Sometimes I’m sad that it took so long for me to release my album because it did take a long time. But when I listen to it and I take a step back and look at what I made, including all the artworks, images, graphics, videos. I think no one will ever fully understand how much work and time I put into it other than me. And I’m so happy I took my time because it’s the best body of work I’ve ever made and the closest I’ve ever been to fully realising something I wanted to communicate. And somehow I made all of this when I was having a really tough time in my personal life.

I went through so much between 2016-2018, and 2019 I was coming out the other side and feeling so creative and powerful enough to finish everything off but also enough to feel able to get out on stage and start performing the album as well.

You work with different producers and collaborators on the record, how do you pick this cast? Do you have any tips on who you let into your life and art?

I’m still definitely learning about this, especially since now like I was saying earlier my main collaborators are all over the world. But I think at the start you should try things out, work with lots of friends, people you know who’s stuff you like and see what works and what fits. Then when you’ve worked that part out, if you’ve found someone or people that you really connect with on a creative level and personal level sometimes too is super important. Stick with them, look out for them support each other. For me it’s really important for me to have personal connections with the people I work with, it means I can be my self unashamedly and make my best work without feeling judged or inadequate”.

Before getting to a new interview, I want to come to a brief feature from FADER. It was in promotion of Diamond’s Affirmations. It arrived earlier in the year, at a moment  that the PC Music label is starting to wind up. Perhaps one of her best cuts yet, Affirmations is one of the best songs of the year. It all bodes well for an album that is already being tipped to be among the finest of 2023:

With the news that PC Music is winding down after 10 years of changing the pop landscape, each new release from the label is bound to come with a new poignancy. That’s certainly the case with “Affirmations,” the new song from Hannah Diamond.

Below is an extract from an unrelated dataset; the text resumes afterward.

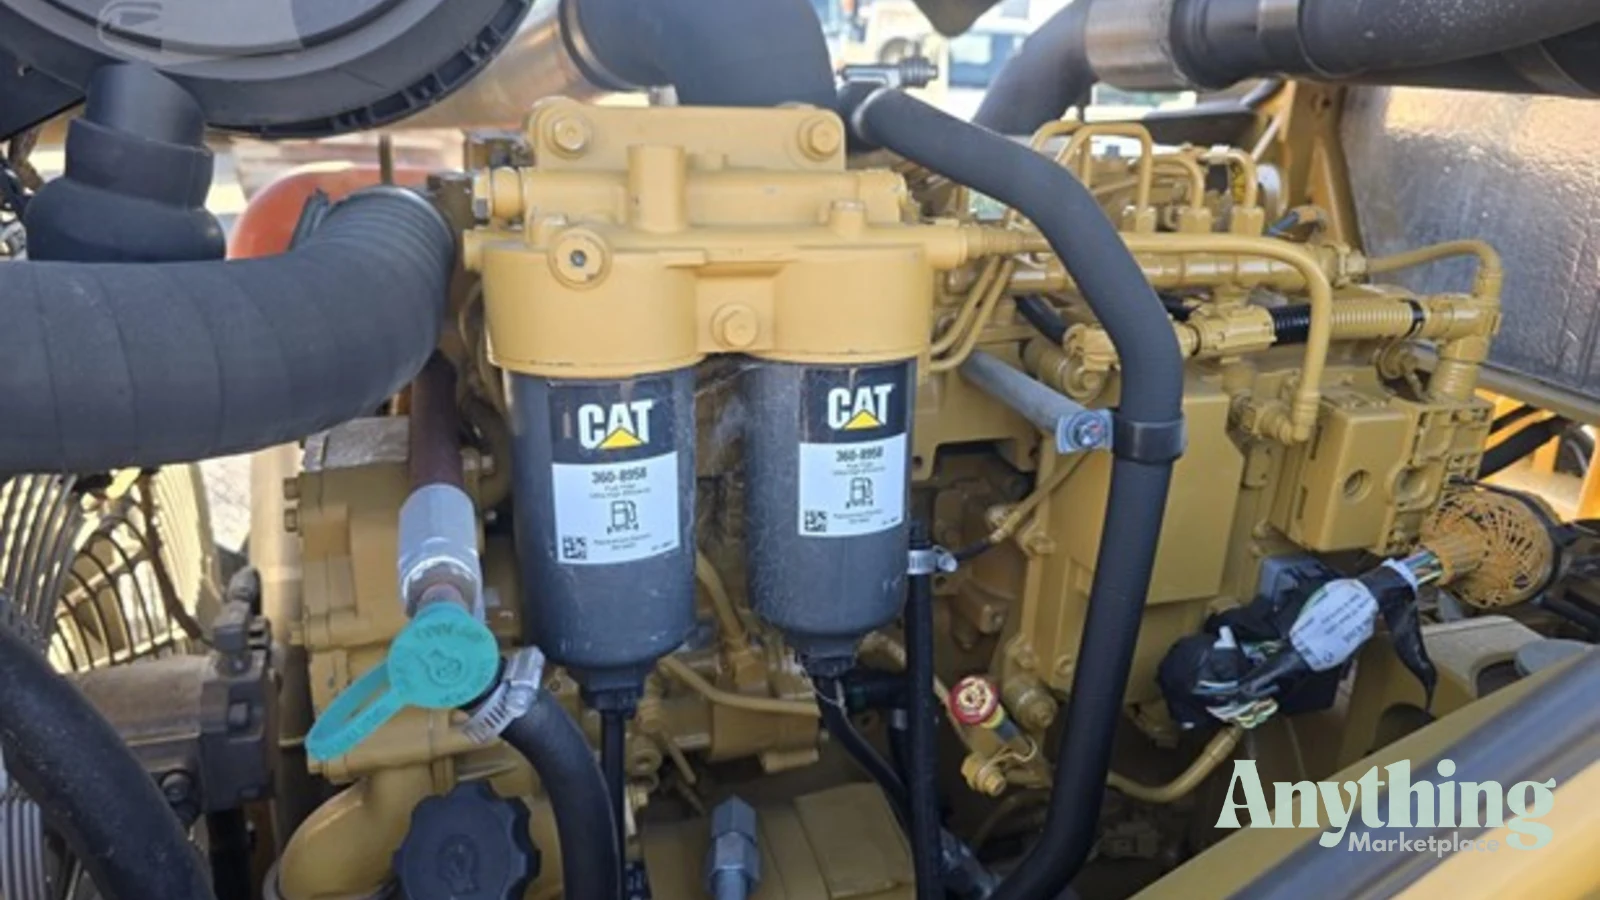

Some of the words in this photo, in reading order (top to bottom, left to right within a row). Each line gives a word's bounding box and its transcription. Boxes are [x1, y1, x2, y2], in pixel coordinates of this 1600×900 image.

[577, 399, 654, 450] CAT
[827, 383, 894, 430] CAT
[591, 466, 647, 484] 360-8958

Extraterrestrial mall-pop built for blasting away melancholy, “Affirmations” makes the struggle for positivity sound like a battle worth fighting.”

Diamond said of the new song in a press statement: “This one particular day we were on Zoom and my carefully placed camera angle in my bedroom had accidentally shifted to reveal my ‘wall of self-esteem.’ It’s a wall of affirmations I put together when I was at a really low point and had a really negative view of myself. I decided that I would every day when I was struggling write five good things about myself and add them to my wall.

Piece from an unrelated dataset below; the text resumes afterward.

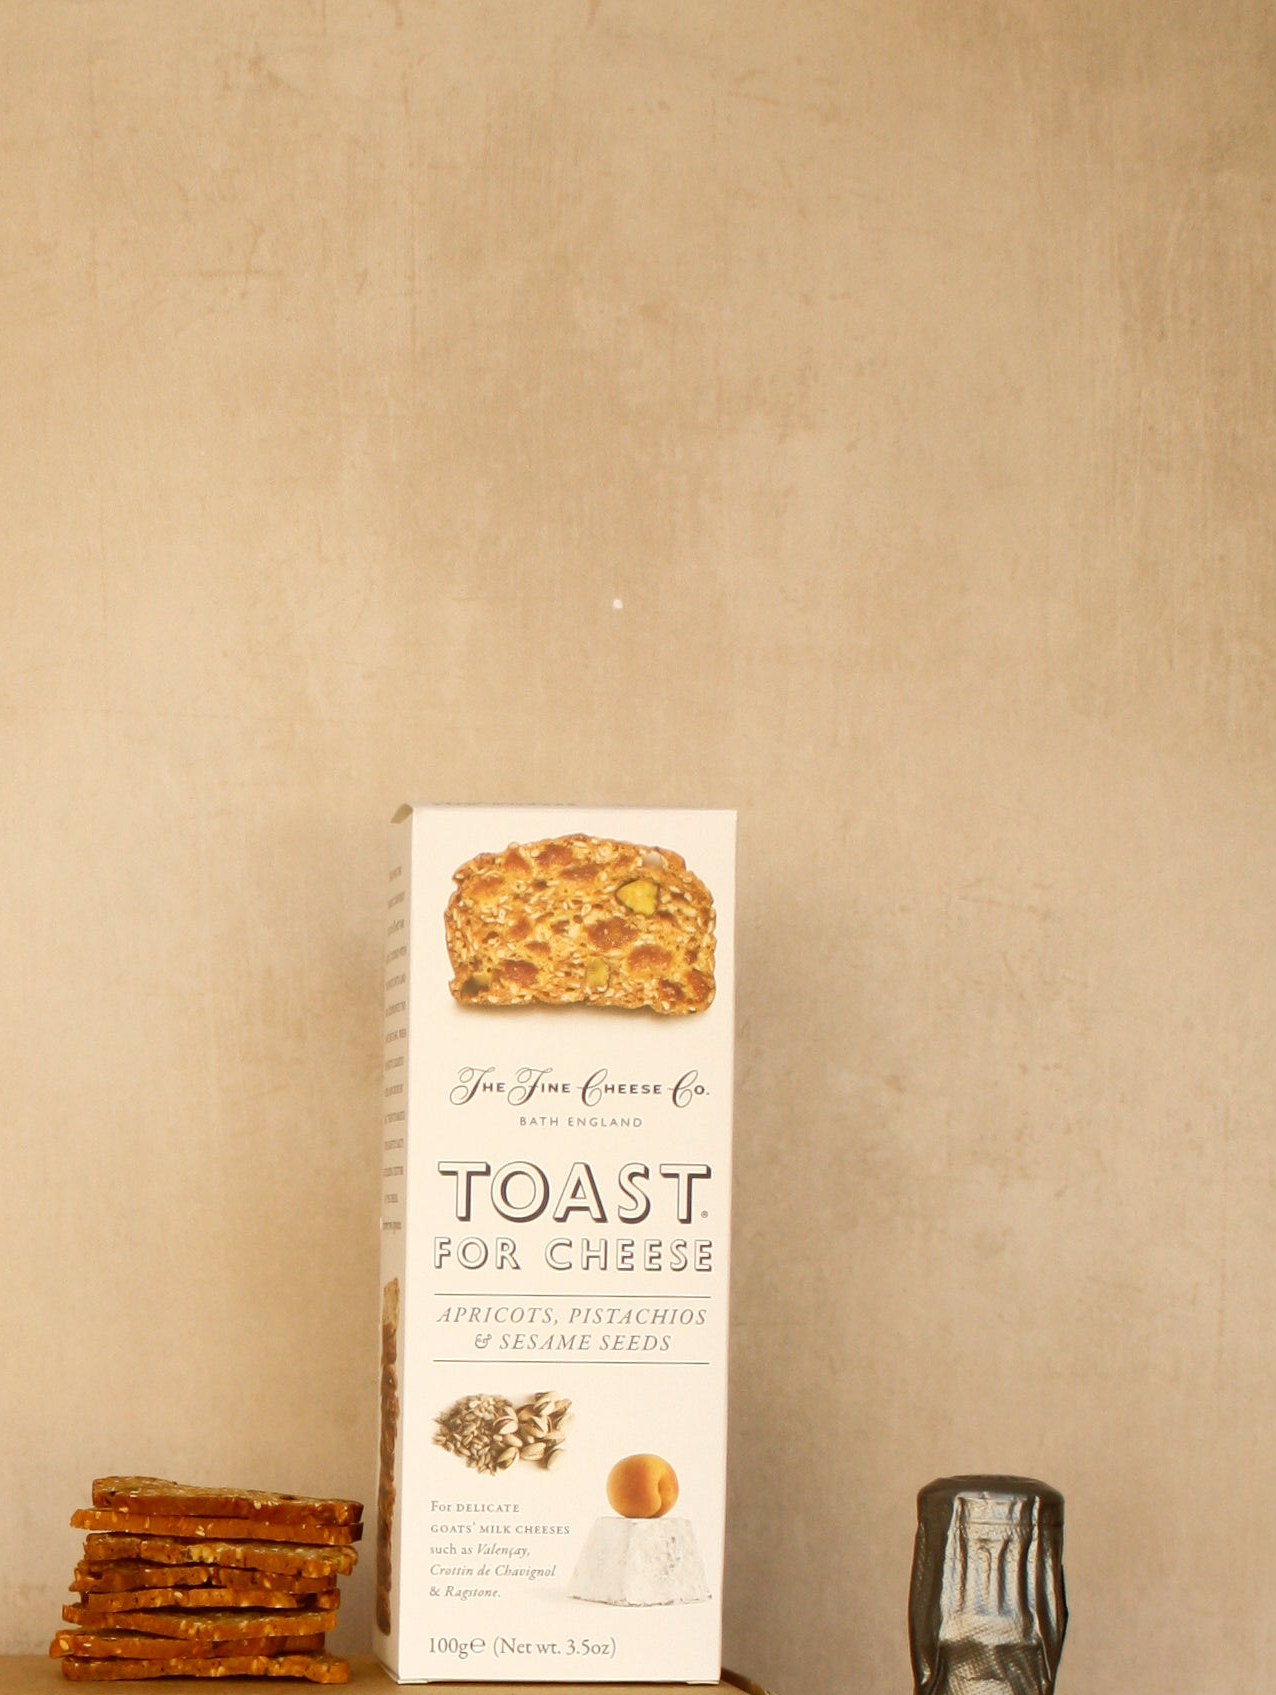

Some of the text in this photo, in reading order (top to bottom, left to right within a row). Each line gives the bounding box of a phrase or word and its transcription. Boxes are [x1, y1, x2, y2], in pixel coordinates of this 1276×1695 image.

“Through the window of the Zoom, I became aware that my wall might look like a wall of madness,” she continued, “so I explained to Dave what it was. He was super supportive and after a long chat he said, ‘hey, “Affirmations” – great song title’”.

I am going to finish with a new interview from The Guardian. There will be more press with Diamond closer to October and Perfect Picture. Declaring her upcoming album as the pinnacle of Pop in 2023, there is a lot of faith and support around what Diamond is doing. She has caught the heart and mind of the nation. An artist who will be a worldwide sensation soon enough:

Diamond debuted a decade ago with Pink and Blue, a dewy-eyed but slightly unnerving bubblegum single with a photoshoot to match. Back then, her music was deemed so uncanny – so pink and so feminine, especially in the experimental circles she was associated with – that many onlookers speculated whether Diamond was a model hired as the face of a project by one of her (male) friends in the then-nascent PC Music avant-pop collective. “A lot of my agency was taken away,” she says. “There were a lot of think-pieces about whether I was a real person.”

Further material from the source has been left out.